(Saved data entries)
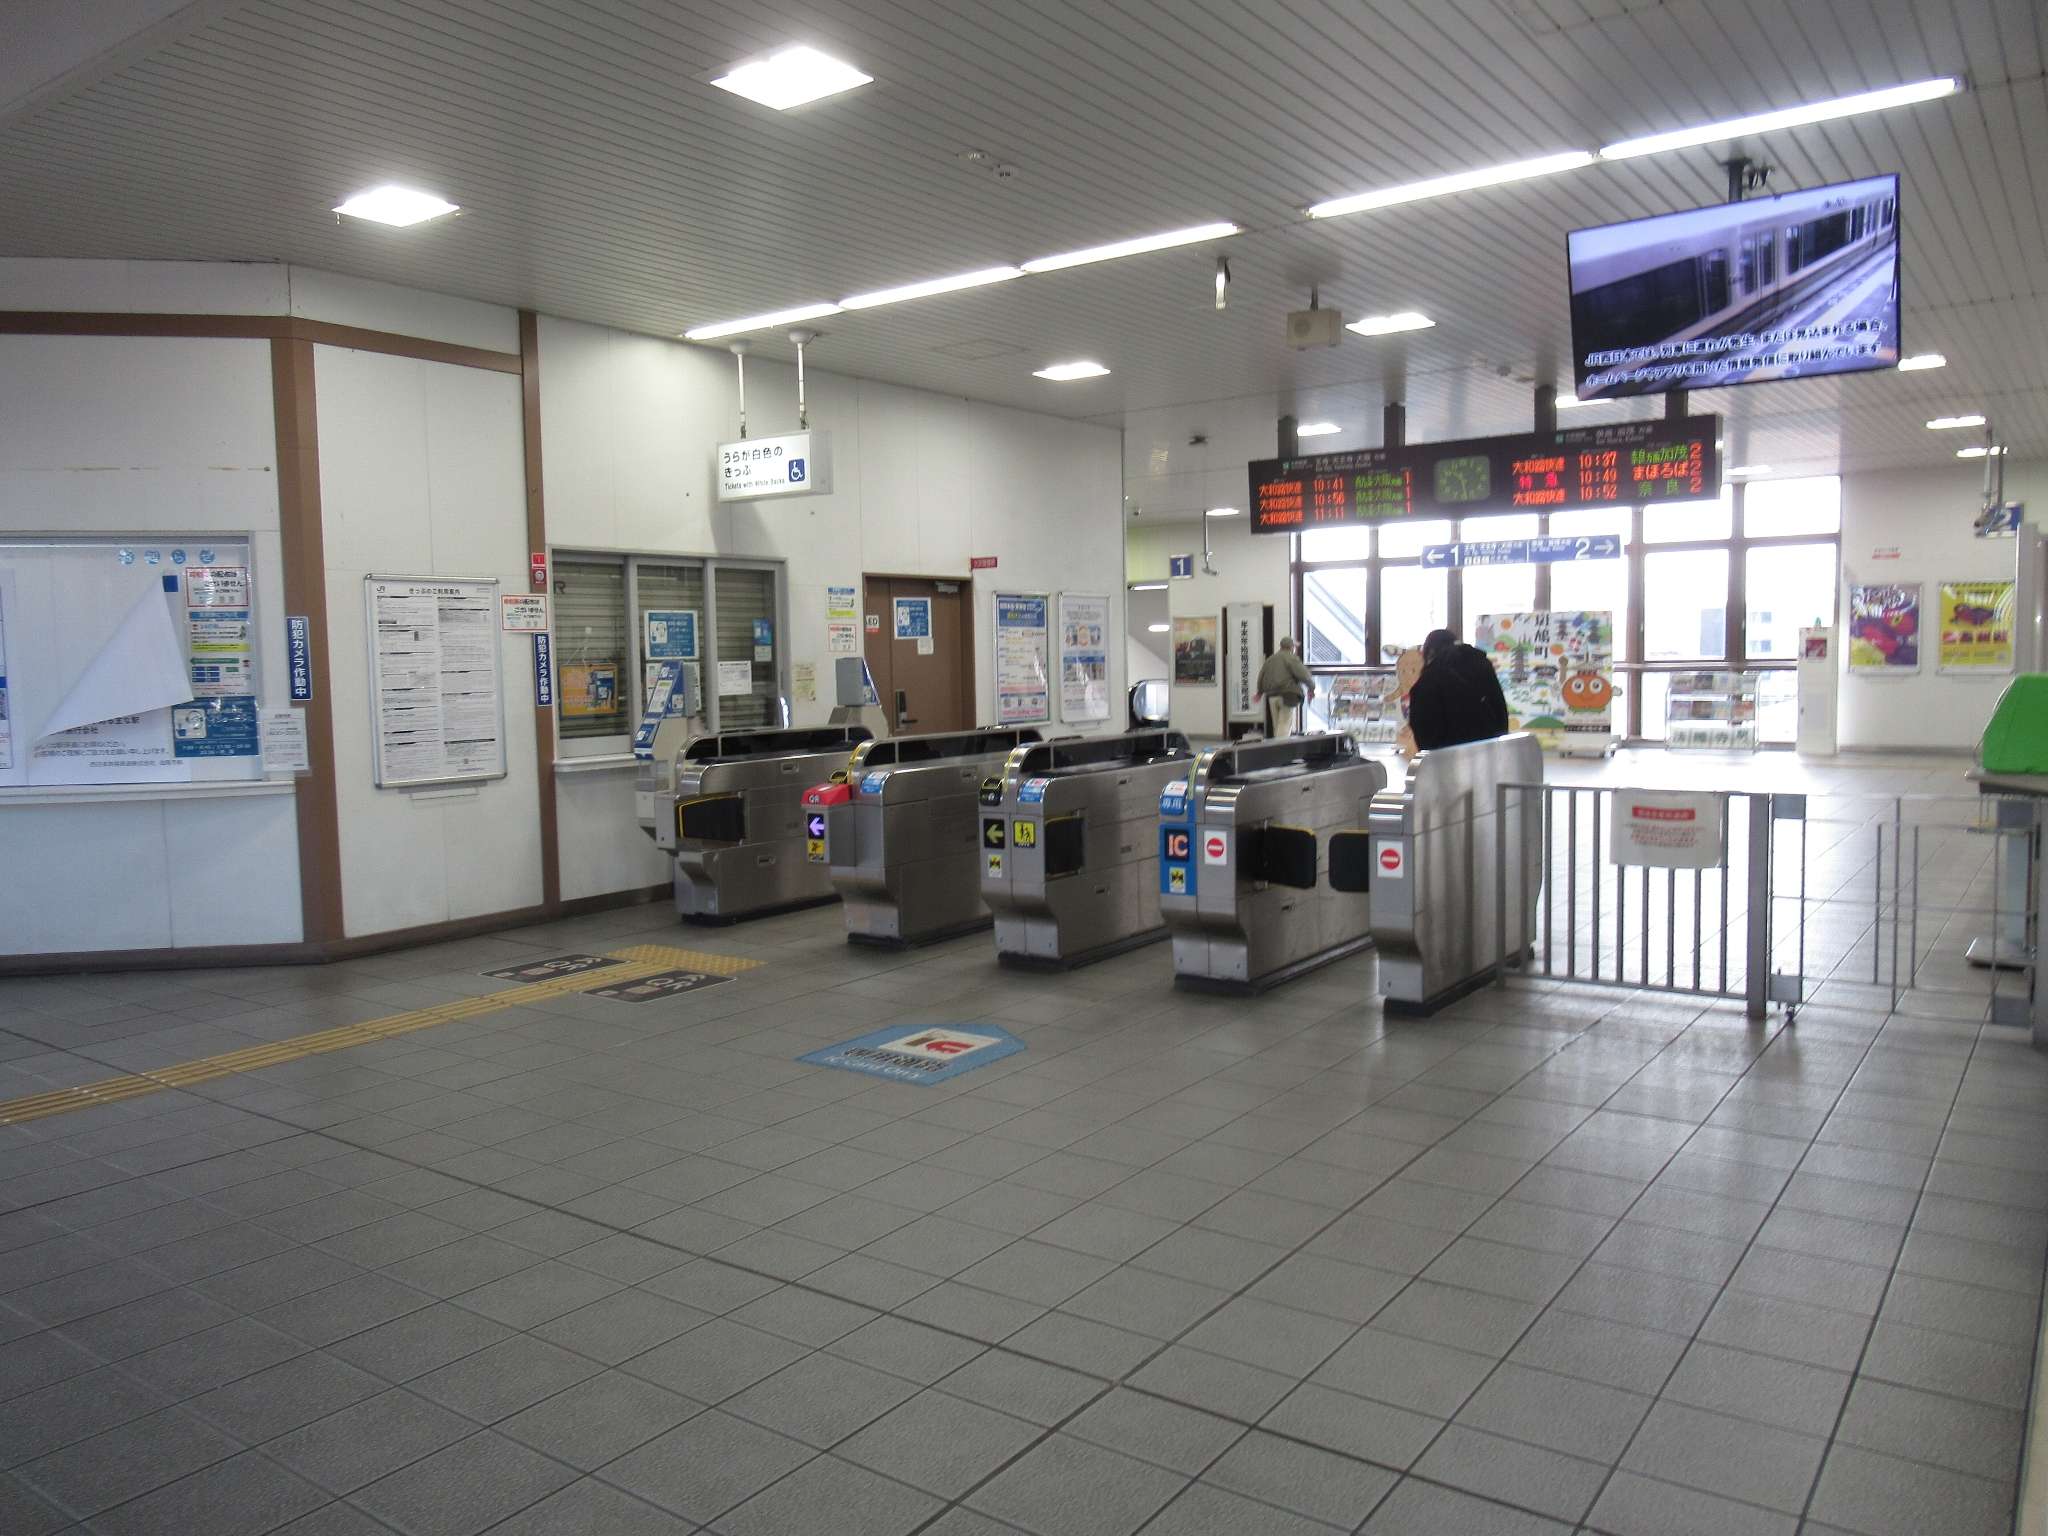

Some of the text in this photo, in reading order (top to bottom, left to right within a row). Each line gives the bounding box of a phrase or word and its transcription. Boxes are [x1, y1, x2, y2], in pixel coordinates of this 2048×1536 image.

[723, 446, 783, 464] うらが白色の
[1578, 451, 1617, 467] 10:37
[1689, 442, 1703, 459] 2
[1313, 475, 1344, 492] 10:41
[1404, 470, 1412, 483] 1
[1519, 460, 1702, 489] 特急 10:49 まほろば 2
[1405, 486, 1412, 499] 1
[1580, 485, 1617, 501] 10:52
[1639, 480, 1680, 497] 奈良
[1689, 477, 1702, 494] 2
[1315, 506, 1345, 521] 11:11
[1405, 499, 1413, 513] 1
[1451, 545, 1460, 566] 1
[1574, 537, 1591, 561] 2
[1177, 558, 1185, 576] 1
[291, 618, 307, 697] 防犯カメラ作動中
[537, 635, 550, 702] 防犯カメラ作動中
[1167, 833, 1189, 857] IC

→ What is required
The response should contain every record above exactly as written, and none of the pictures.

→ Response
Some of the text in this photo, in reading order (top to bottom, left to right within a row). Each line gives the bounding box of a phrase or word and its transcription. Boxes are [x1, y1, x2, y2], in pixel coordinates of this 2048×1536 image.

[723, 446, 783, 464] うらが白色の
[1578, 451, 1617, 467] 10:37
[1689, 442, 1703, 459] 2
[1313, 475, 1344, 492] 10:41
[1404, 470, 1412, 483] 1
[1519, 460, 1702, 489] 特急 10:49 まほろば 2
[1405, 486, 1412, 499] 1
[1580, 485, 1617, 501] 10:52
[1639, 480, 1680, 497] 奈良
[1689, 477, 1702, 494] 2
[1315, 506, 1345, 521] 11:11
[1405, 499, 1413, 513] 1
[1451, 545, 1460, 566] 1
[1574, 537, 1591, 561] 2
[1177, 558, 1185, 576] 1
[291, 618, 307, 697] 防犯カメラ作動中
[537, 635, 550, 702] 防犯カメラ作動中
[1167, 833, 1189, 857] IC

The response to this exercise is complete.